- Problem statement: Down to the last line, print the entries below exactly, and keep every picture out of the copy.

----- Data to examine -----

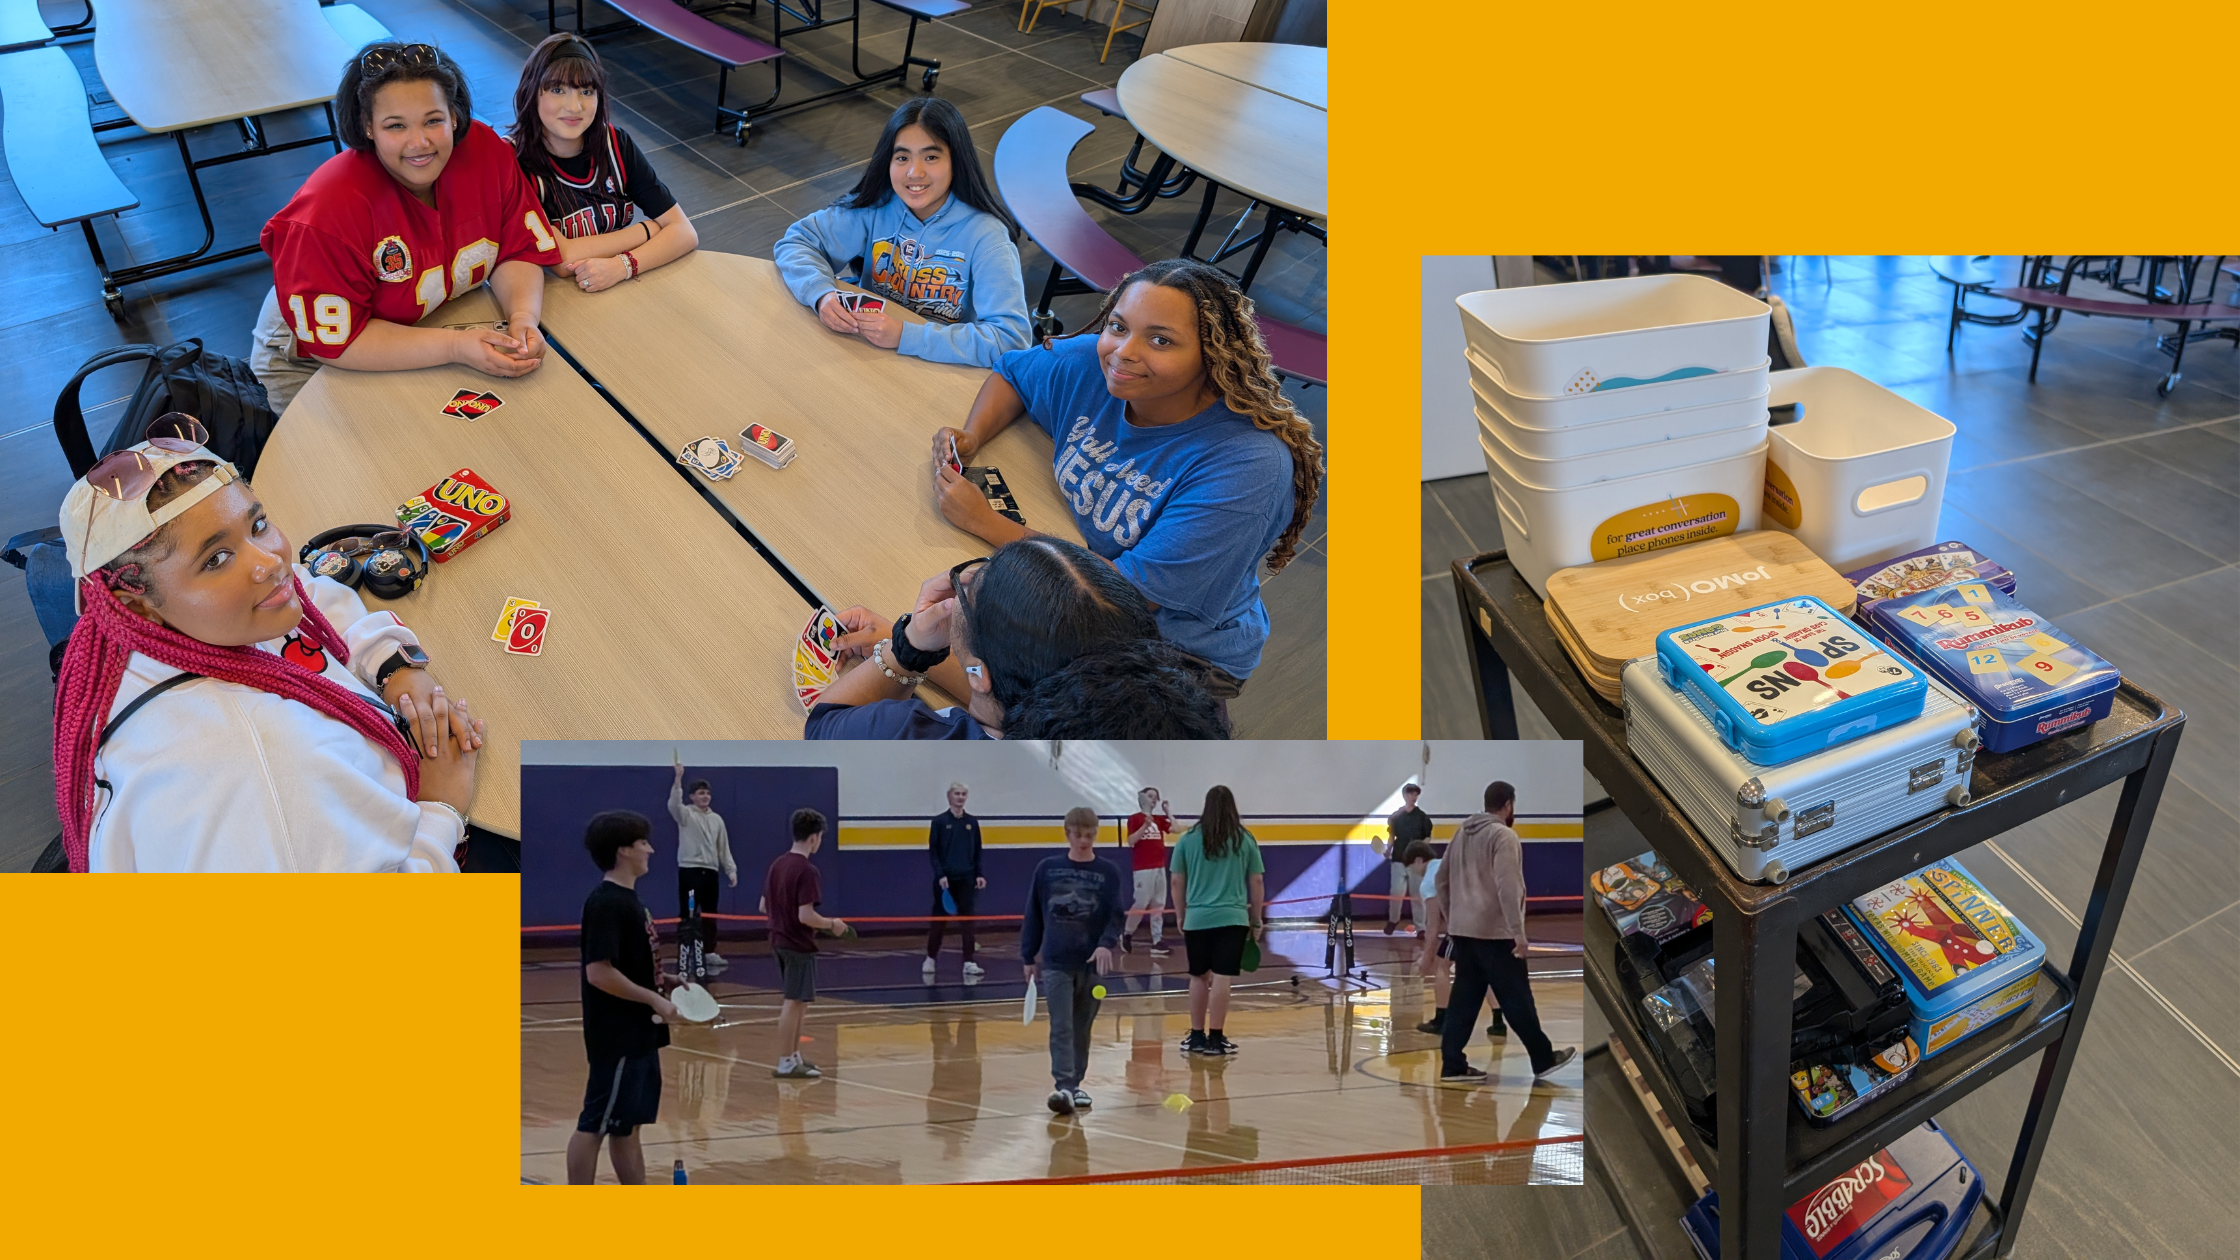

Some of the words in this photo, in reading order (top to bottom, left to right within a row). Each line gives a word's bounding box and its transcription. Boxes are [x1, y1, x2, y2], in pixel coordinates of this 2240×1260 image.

[385, 253, 404, 271] 35
[912, 299, 963, 319] Finals
[288, 294, 351, 345] 19
[468, 400, 492, 412] UNO
[757, 429, 772, 445] UNO
[433, 478, 506, 517] UNO
[1054, 445, 1151, 547] JESUS
[1607, 534, 1624, 544] for
[1625, 527, 1655, 543] great
[1658, 510, 1727, 533] conversation
[1617, 542, 1646, 558] place
[1648, 533, 1685, 550] phones
[1686, 525, 1718, 539] inside.
[1911, 571, 1944, 589] FIVE
[1968, 589, 1979, 598] 1
[1911, 610, 1927, 620] 7
[1937, 609, 1954, 619] 6
[1965, 610, 1980, 621] 5
[520, 623, 536, 640] 0
[1809, 621, 1828, 632] CARD
[1936, 617, 2034, 650] Rummikub
[1754, 630, 1780, 645] SPOON
[2036, 637, 2050, 647] 6
[531, 644, 538, 653] 0
[1971, 654, 1997, 666] 12
[2035, 661, 2053, 672] 9
[2036, 707, 2091, 734] Rummikub
[1896, 943, 1918, 969] DOMINO
[1911, 940, 1930, 959] SINCE
[1929, 956, 1943, 973] 1983
[1805, 1154, 1885, 1239] SCRABBLE
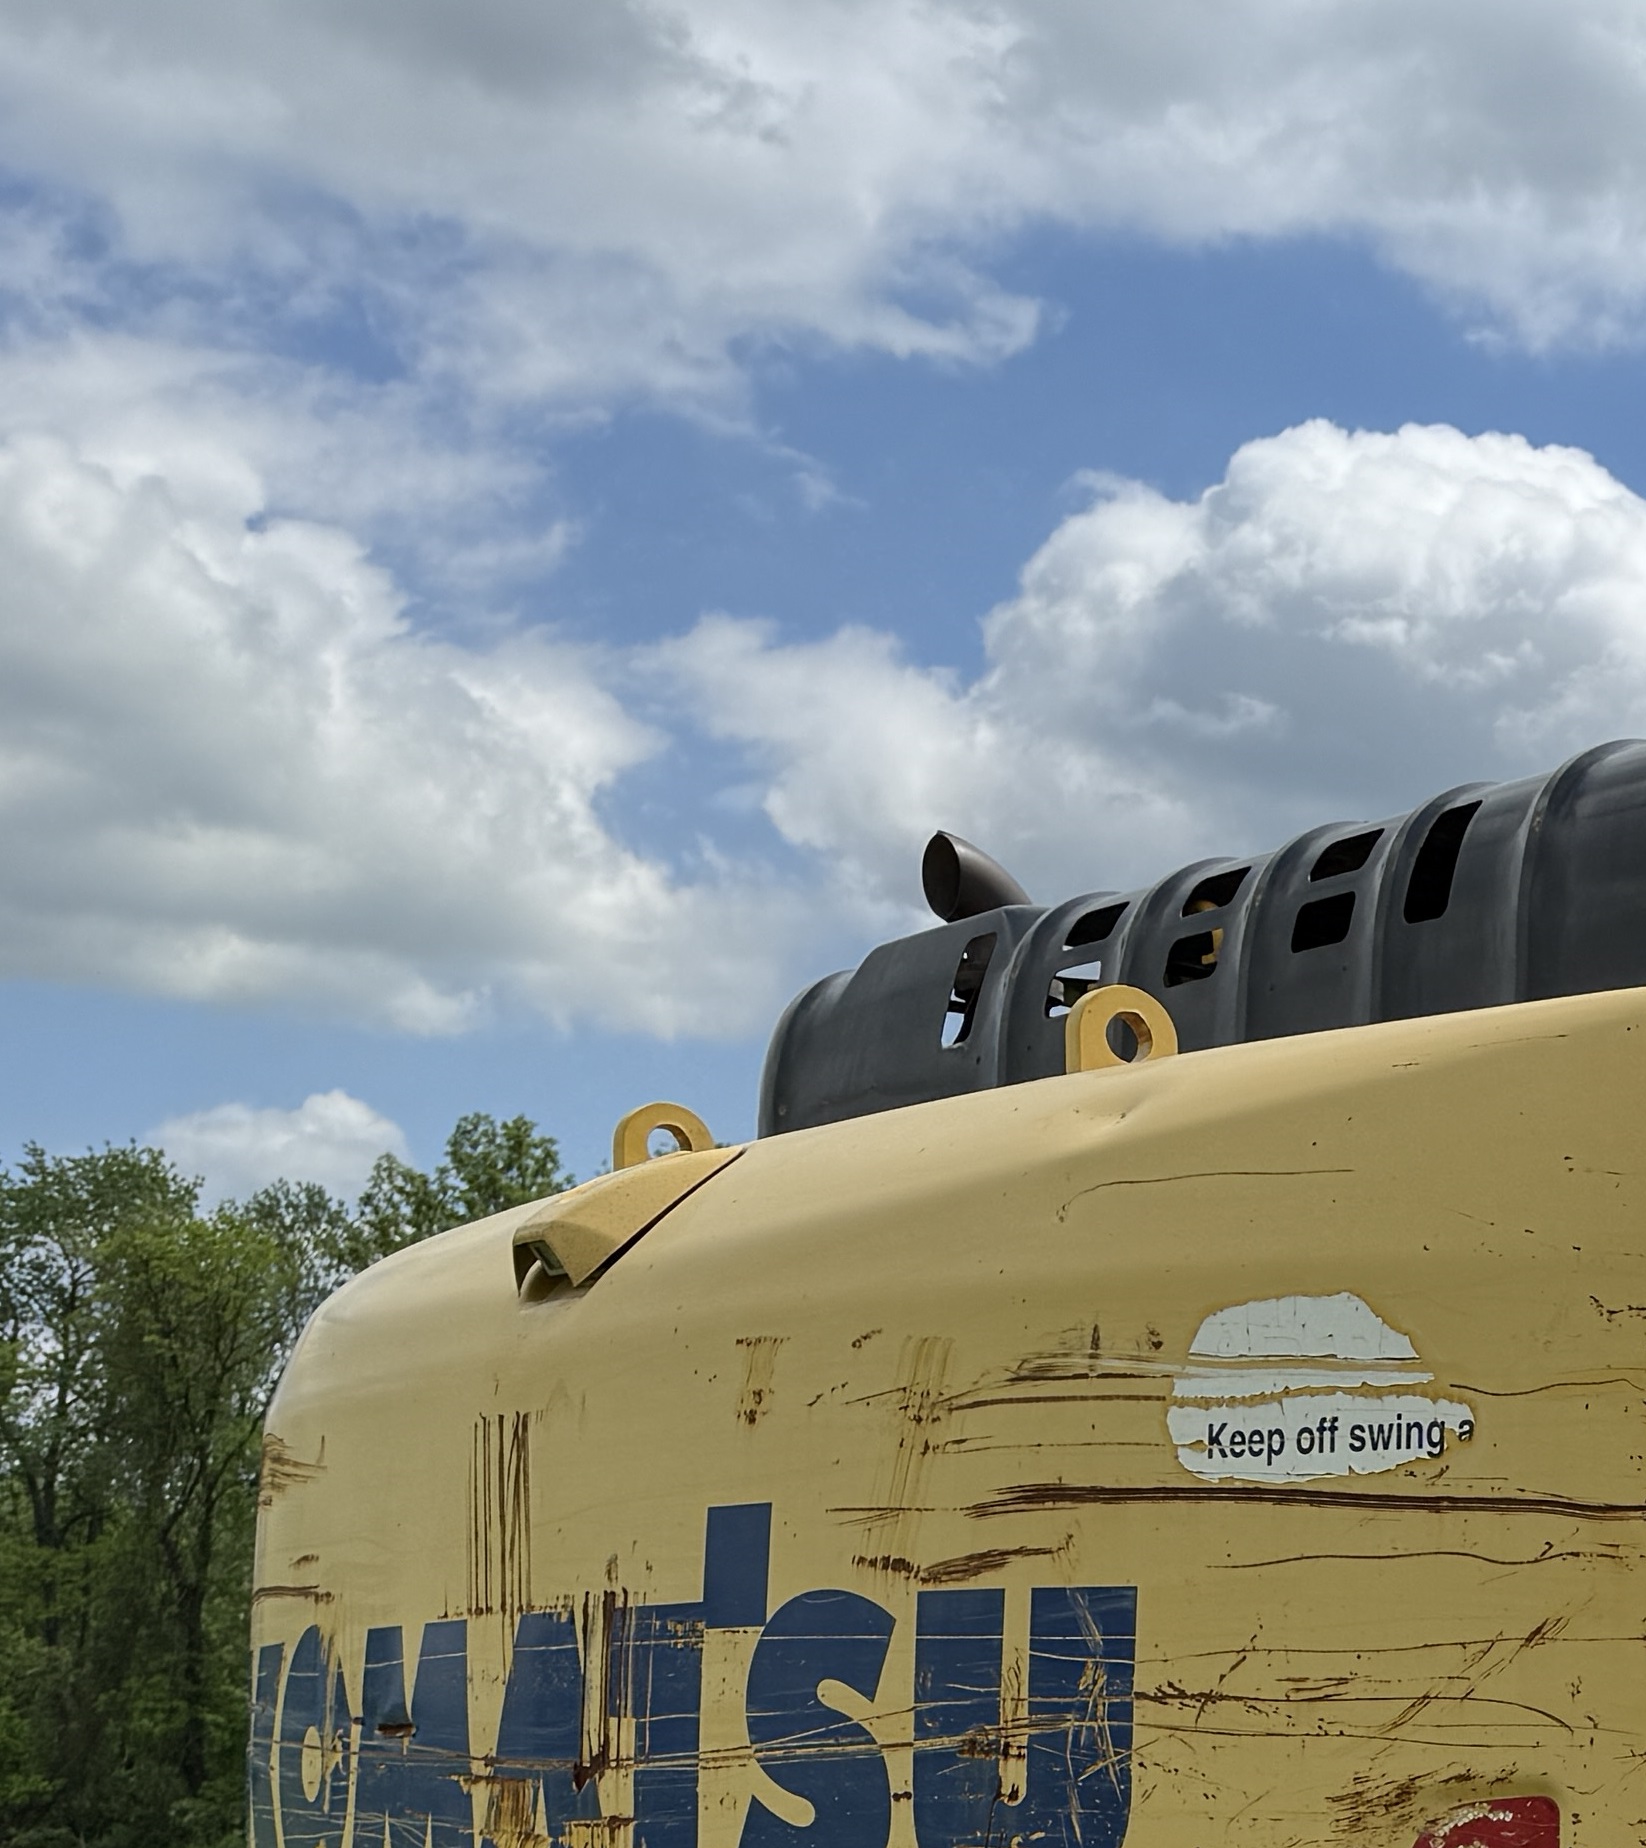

-----

- Response box:
Some of the words in this photo, in reading order (top to bottom, left to right within a row). Each line gives a word's bounding box and its transcription. Boxes are [x1, y1, x2, y2], in pixel coordinates of this 2240×1260 image.

[385, 253, 404, 271] 35
[912, 299, 963, 319] Finals
[288, 294, 351, 345] 19
[468, 400, 492, 412] UNO
[757, 429, 772, 445] UNO
[433, 478, 506, 517] UNO
[1054, 445, 1151, 547] JESUS
[1607, 534, 1624, 544] for
[1625, 527, 1655, 543] great
[1658, 510, 1727, 533] conversation
[1617, 542, 1646, 558] place
[1648, 533, 1685, 550] phones
[1686, 525, 1718, 539] inside.
[1911, 571, 1944, 589] FIVE
[1968, 589, 1979, 598] 1
[1911, 610, 1927, 620] 7
[1937, 609, 1954, 619] 6
[1965, 610, 1980, 621] 5
[520, 623, 536, 640] 0
[1809, 621, 1828, 632] CARD
[1936, 617, 2034, 650] Rummikub
[1754, 630, 1780, 645] SPOON
[2036, 637, 2050, 647] 6
[531, 644, 538, 653] 0
[1971, 654, 1997, 666] 12
[2035, 661, 2053, 672] 9
[2036, 707, 2091, 734] Rummikub
[1896, 943, 1918, 969] DOMINO
[1911, 940, 1930, 959] SINCE
[1929, 956, 1943, 973] 1983
[1805, 1154, 1885, 1239] SCRABBLE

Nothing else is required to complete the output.